* [PROVIDED ENTRIES]:
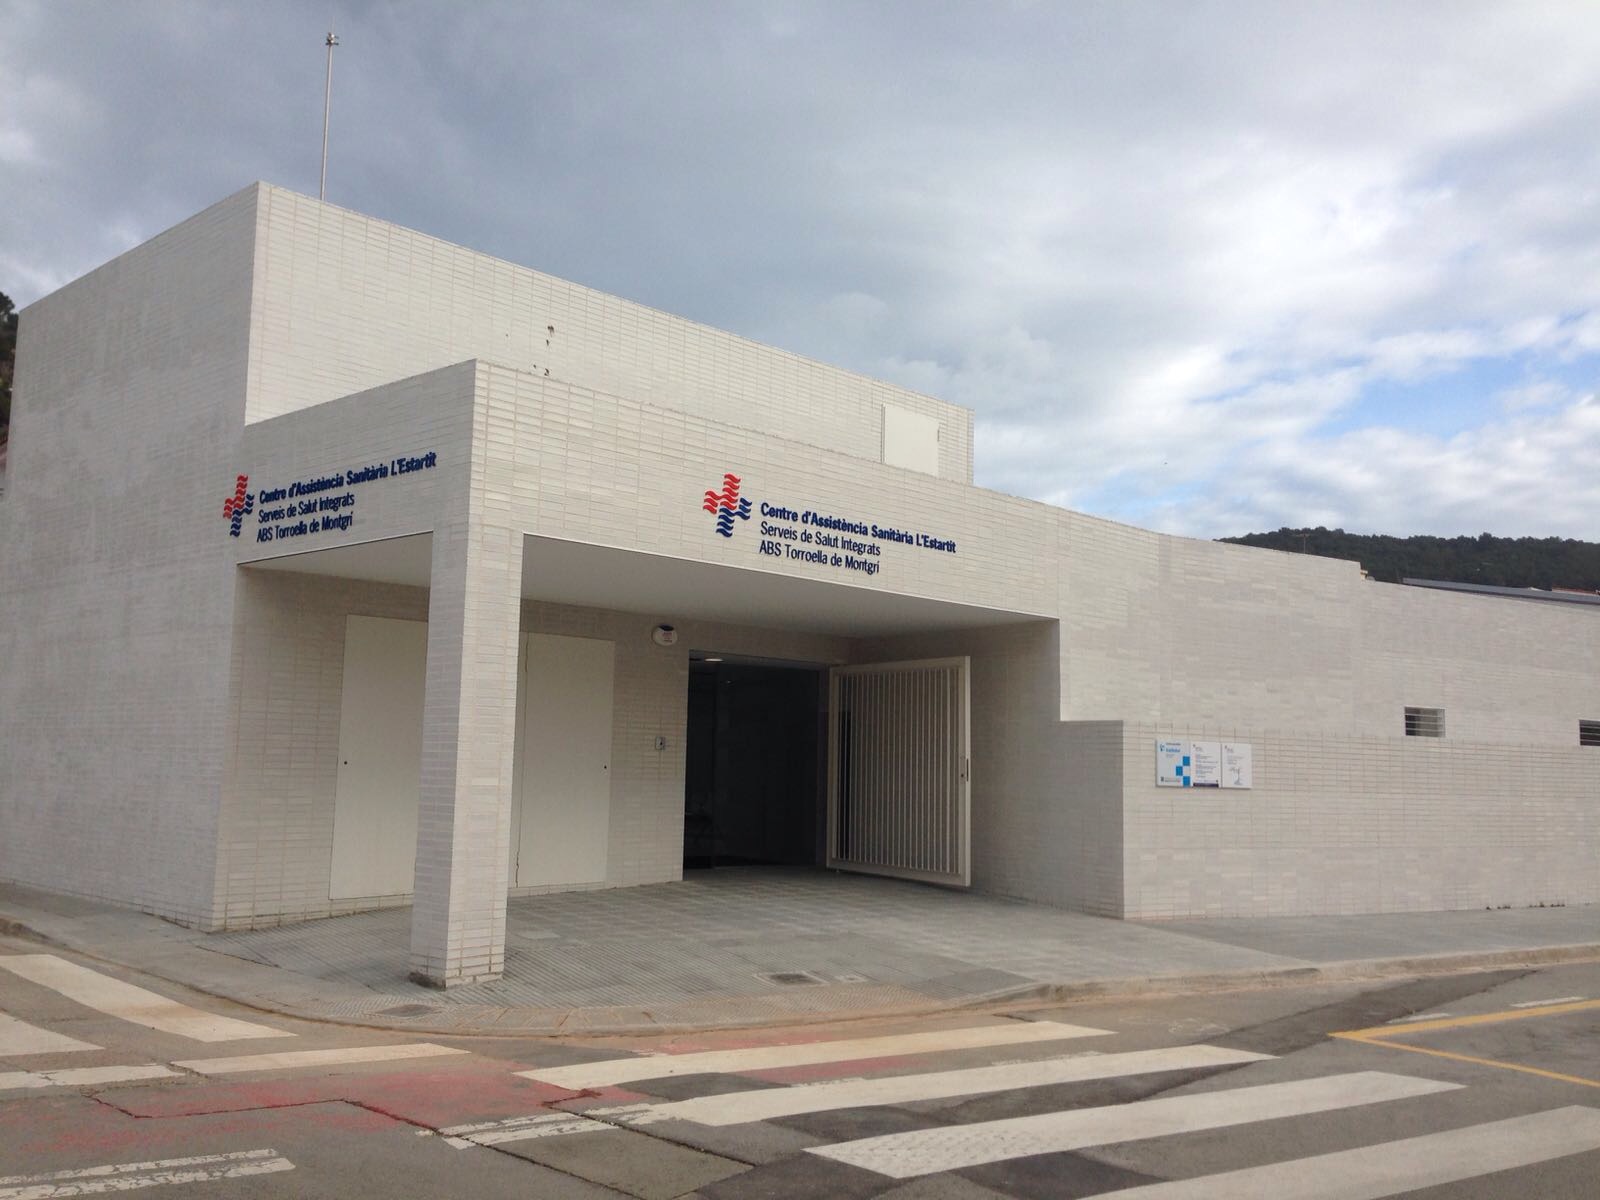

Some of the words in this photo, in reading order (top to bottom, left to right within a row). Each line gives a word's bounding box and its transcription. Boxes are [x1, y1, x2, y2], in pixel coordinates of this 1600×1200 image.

[260, 488, 286, 504] Centre
[346, 463, 388, 485] Sanitària
[258, 505, 285, 523] Serveis
[287, 503, 296, 517] de
[298, 499, 317, 516] Salut
[319, 493, 355, 512] Integrats
[257, 527, 272, 543] ABS
[275, 521, 307, 539] Torroella
[309, 518, 319, 532] de
[760, 521, 798, 540] Serveis
[800, 529, 813, 543] de
[815, 531, 839, 548] Salut
[841, 537, 881, 557] Integrats
[761, 502, 798, 521] Centre
[801, 509, 868, 536] d'Assistència
[871, 526, 914, 545] Sanitària
[916, 534, 956, 553] L'Estartit
[759, 540, 781, 557] ABS
[785, 544, 828, 565] Torroella
[830, 552, 842, 567] de
[844, 555, 880, 575] Montgrí

* [EXERCISE OBJECTIVE]:
Please reproduce the records above exactly, omitting every picture.

* [RESPONSE AREA]:
Some of the words in this photo, in reading order (top to bottom, left to right within a row). Each line gives a word's bounding box and its transcription. Boxes are [x1, y1, x2, y2], in pixel coordinates of this 1600×1200 image.

[260, 488, 286, 504] Centre
[346, 463, 388, 485] Sanitària
[258, 505, 285, 523] Serveis
[287, 503, 296, 517] de
[298, 499, 317, 516] Salut
[319, 493, 355, 512] Integrats
[257, 527, 272, 543] ABS
[275, 521, 307, 539] Torroella
[309, 518, 319, 532] de
[760, 521, 798, 540] Serveis
[800, 529, 813, 543] de
[815, 531, 839, 548] Salut
[841, 537, 881, 557] Integrats
[761, 502, 798, 521] Centre
[801, 509, 868, 536] d'Assistència
[871, 526, 914, 545] Sanitària
[916, 534, 956, 553] L'Estartit
[759, 540, 781, 557] ABS
[785, 544, 828, 565] Torroella
[830, 552, 842, 567] de
[844, 555, 880, 575] Montgrí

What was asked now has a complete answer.